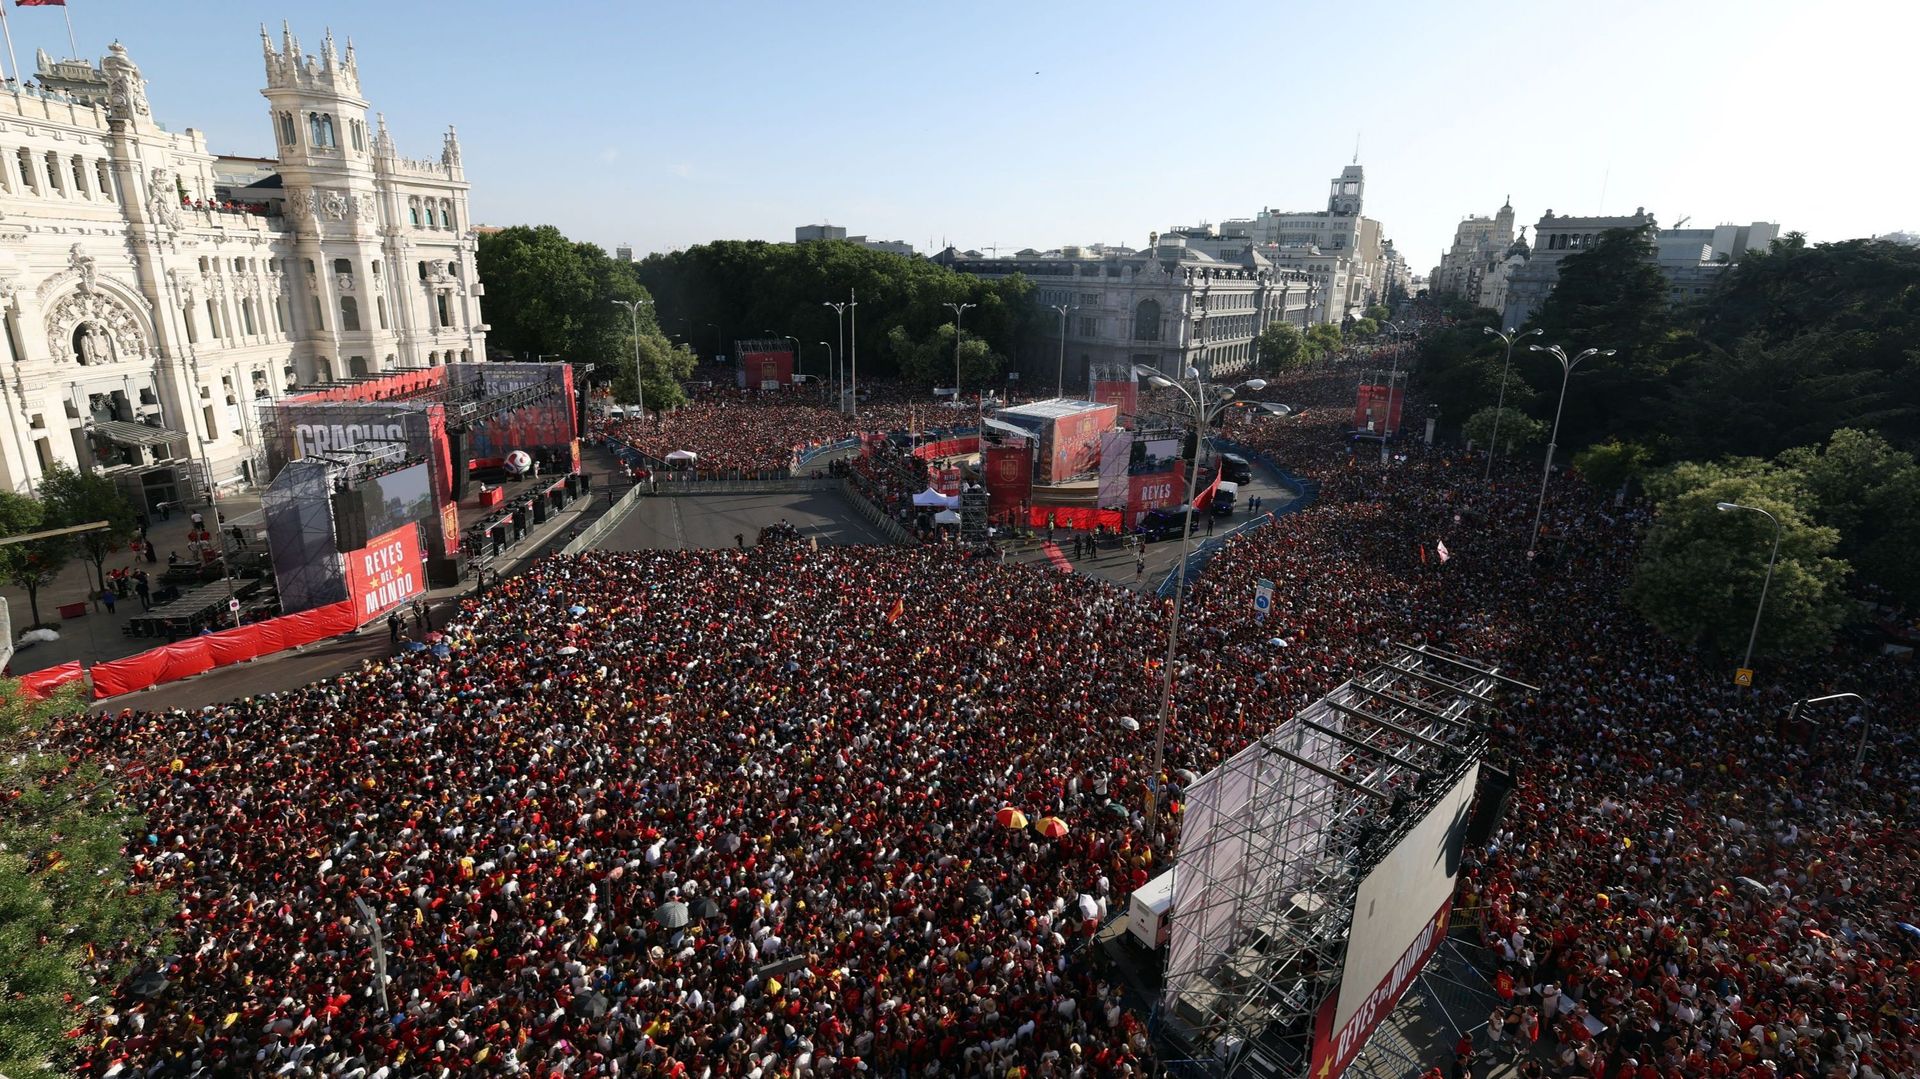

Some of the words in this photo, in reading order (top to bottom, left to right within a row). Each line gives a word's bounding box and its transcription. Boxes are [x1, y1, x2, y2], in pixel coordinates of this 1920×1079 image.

[296, 424, 406, 463] GRACIAS
[1142, 483, 1171, 500] REYES
[364, 541, 404, 576] REYES
[380, 569, 394, 584] DEL
[365, 573, 413, 614] MUNDO
[1335, 988, 1380, 1067] REYES
[1377, 981, 1391, 1005] DEL
[1388, 918, 1436, 1000] MUNDO
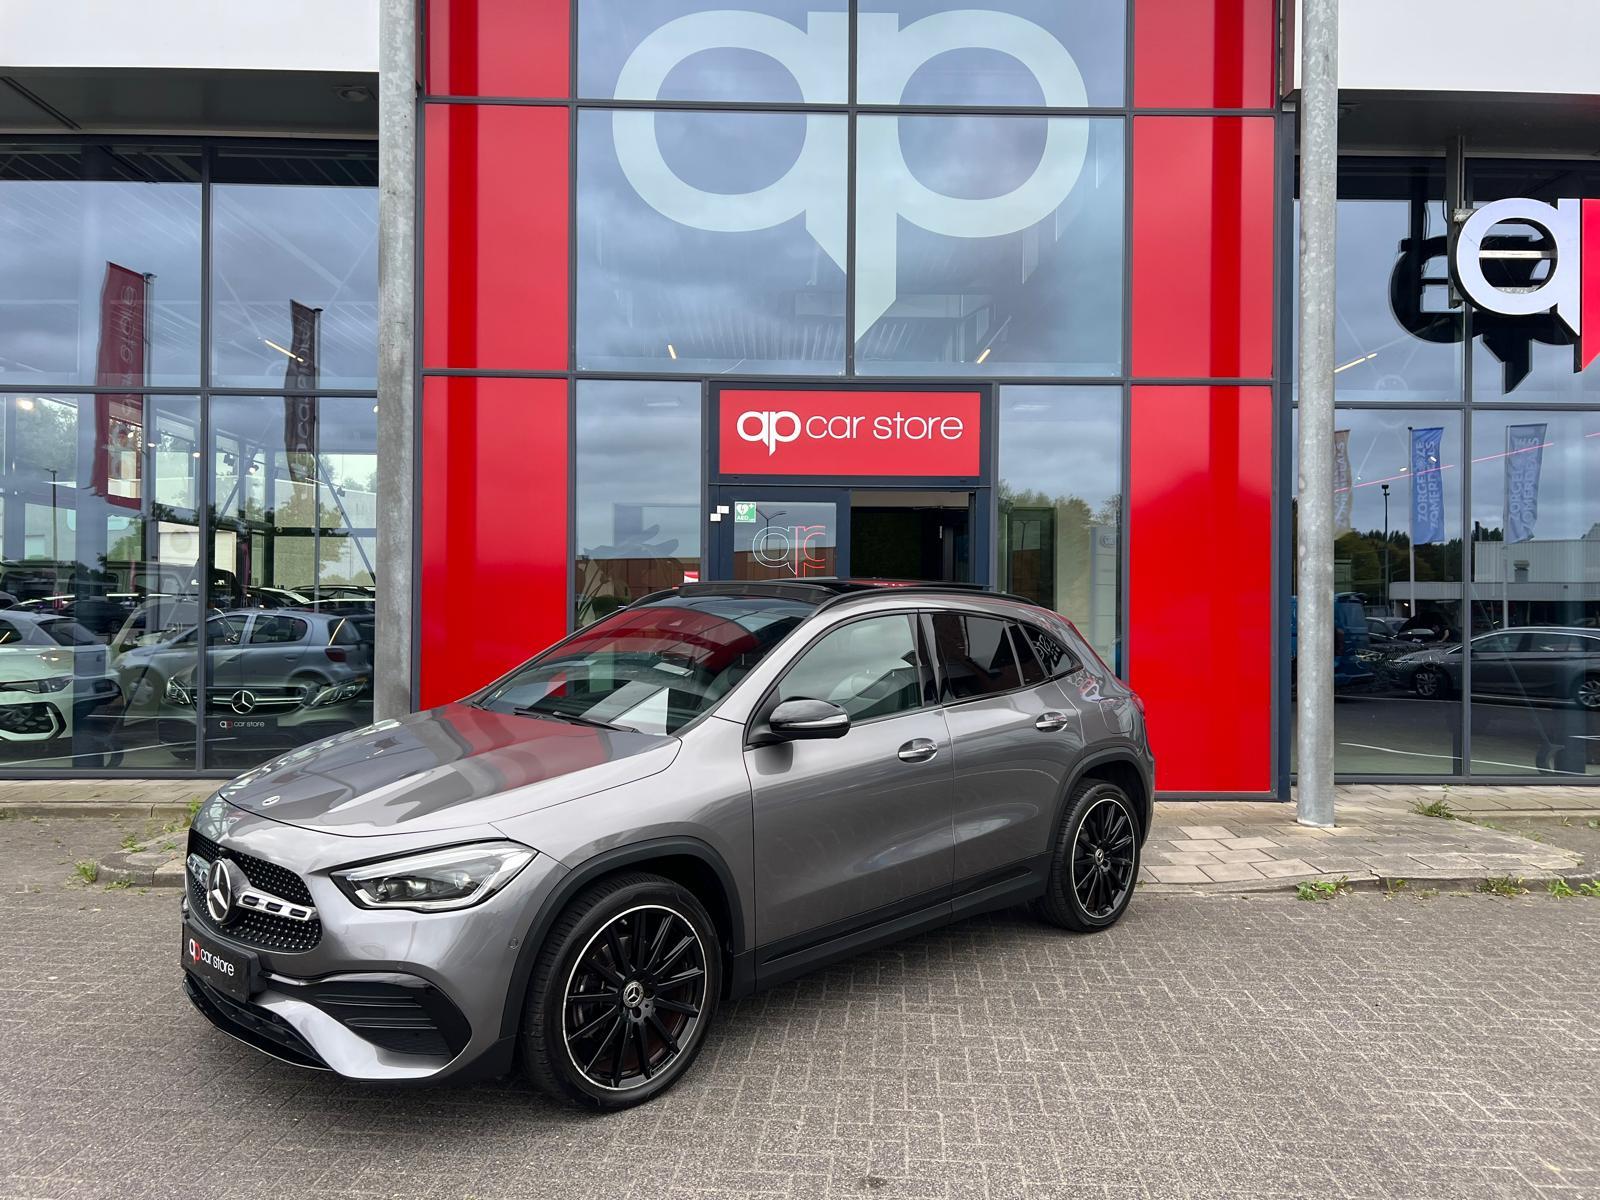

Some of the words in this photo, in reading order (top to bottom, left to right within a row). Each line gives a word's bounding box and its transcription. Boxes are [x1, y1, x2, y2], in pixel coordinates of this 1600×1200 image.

[612, 9, 1090, 343] ap
[1457, 197, 1600, 374] a
[736, 410, 802, 457] ap
[805, 415, 866, 439] car
[872, 411, 964, 440] store
[246, 720, 265, 728] store
[189, 938, 201, 965] ap
[200, 948, 213, 965] car
[212, 955, 235, 977] store
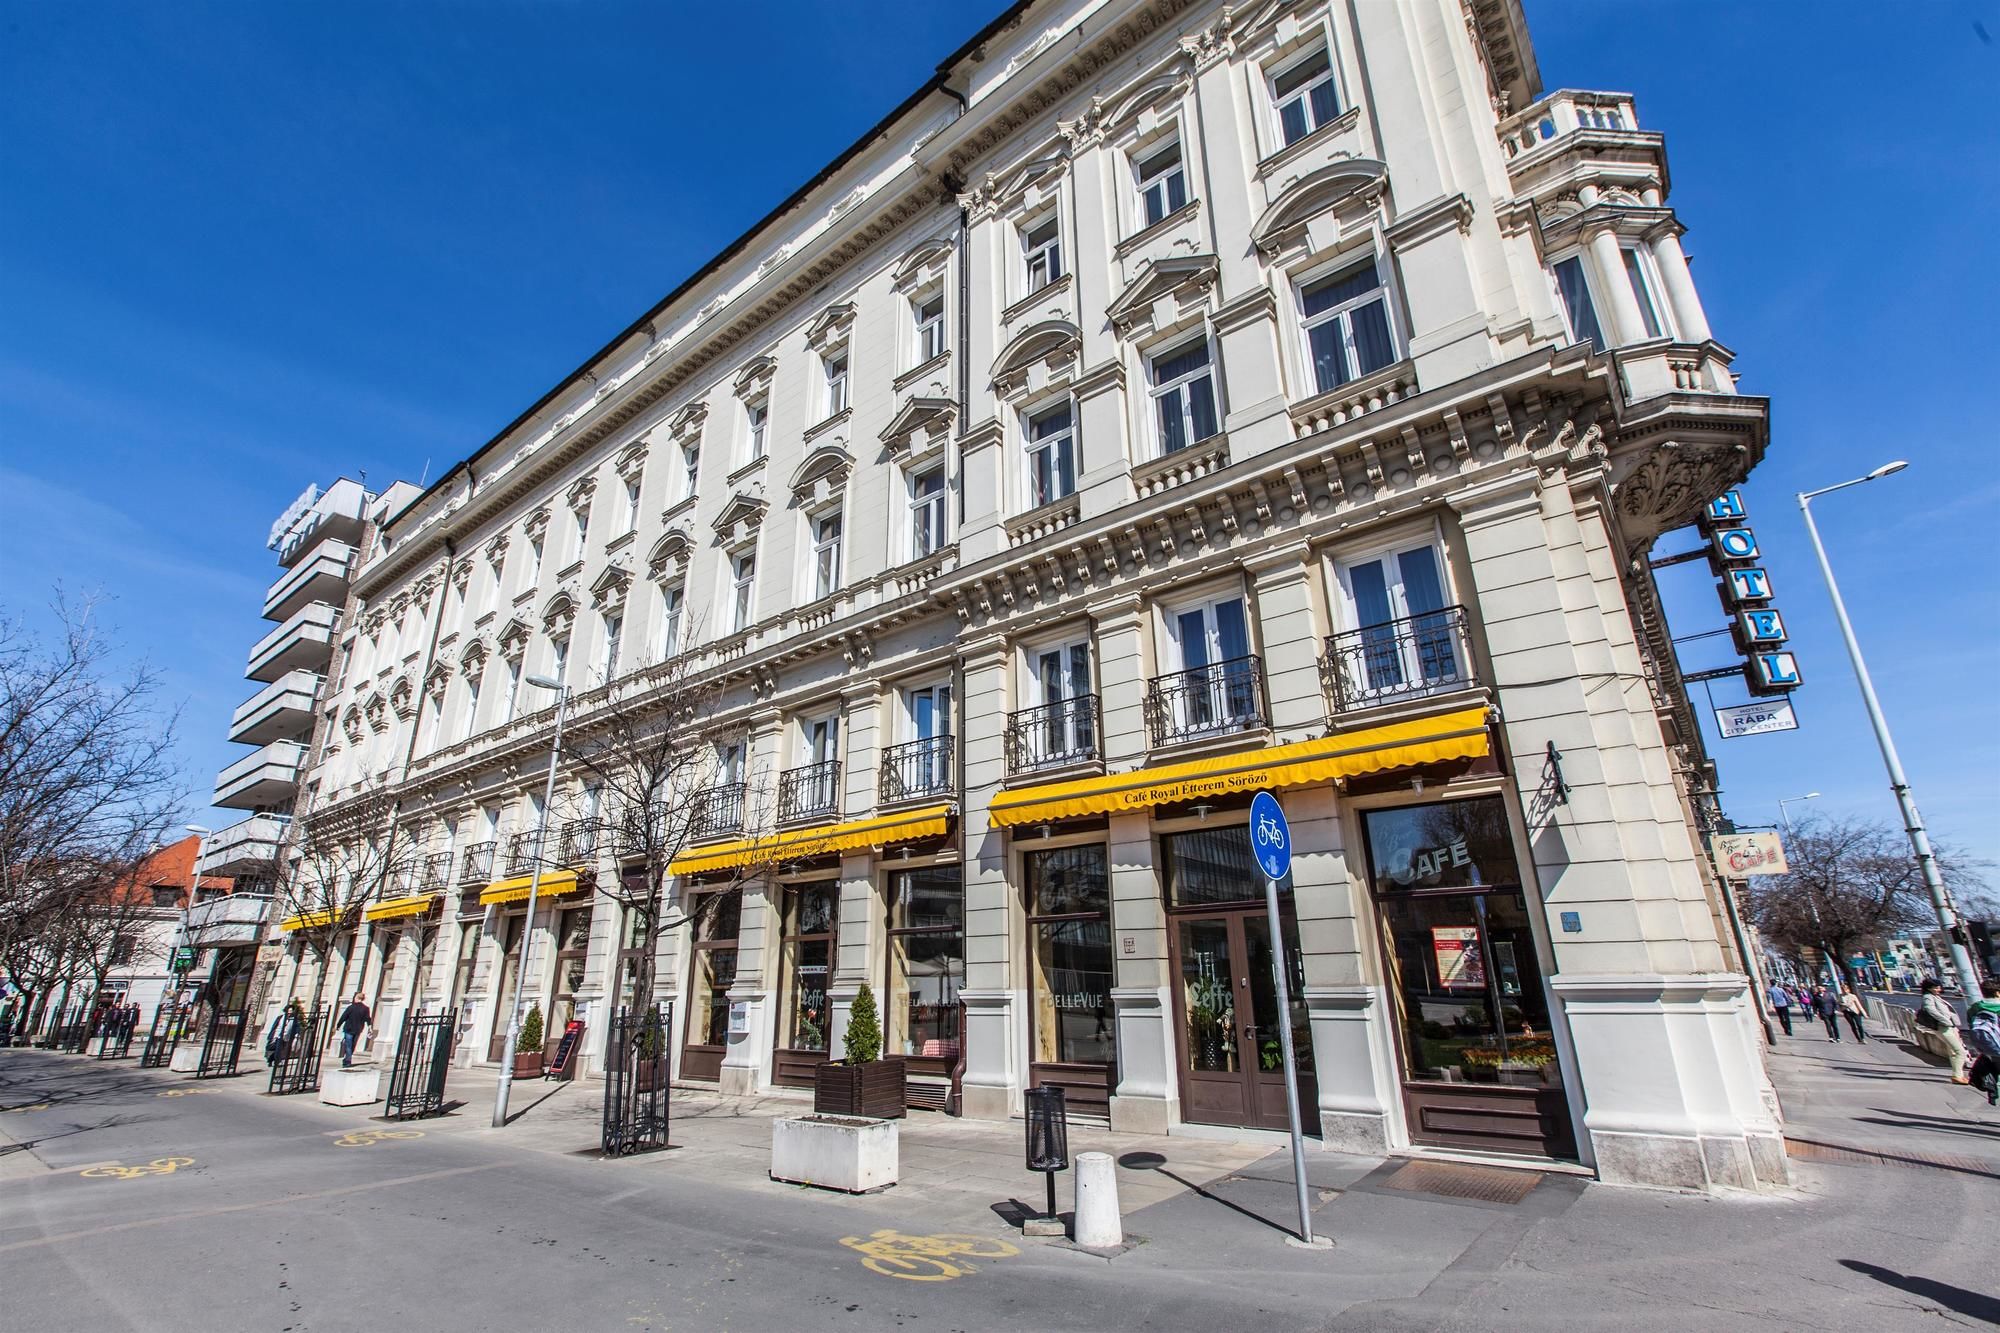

================================

▸ Task prompt: Without including any pictures, reproduce the data exactly.

▸ Written response:
Some of the words in this photo, in reading order (top to bottom, left to right within a row). Each line gives a word's bounding box and its transcription. Boxes are [x1, y1, x2, y2], in pixel coordinates of this 1920×1079 image.

[296, 424, 406, 463] GRACIAS
[1142, 483, 1171, 500] REYES
[364, 541, 404, 576] REYES
[380, 569, 394, 584] DEL
[365, 573, 413, 614] MUNDO
[1335, 988, 1380, 1067] REYES
[1377, 981, 1391, 1005] DEL
[1388, 918, 1436, 1000] MUNDO

Some of the words in this photo, in reading order (top to bottom, left to right within a row). Each line gives a word's bounding box and its transcription. Boxes are [x1, y1, x2, y2], in pixel coordinates of this 1600×1200 image.

[612, 9, 1090, 343] ap
[1457, 197, 1600, 374] a
[736, 410, 802, 457] ap
[805, 415, 866, 439] car
[872, 411, 964, 440] store
[246, 720, 265, 728] store
[189, 938, 201, 965] ap
[200, 948, 213, 965] car
[212, 955, 235, 977] store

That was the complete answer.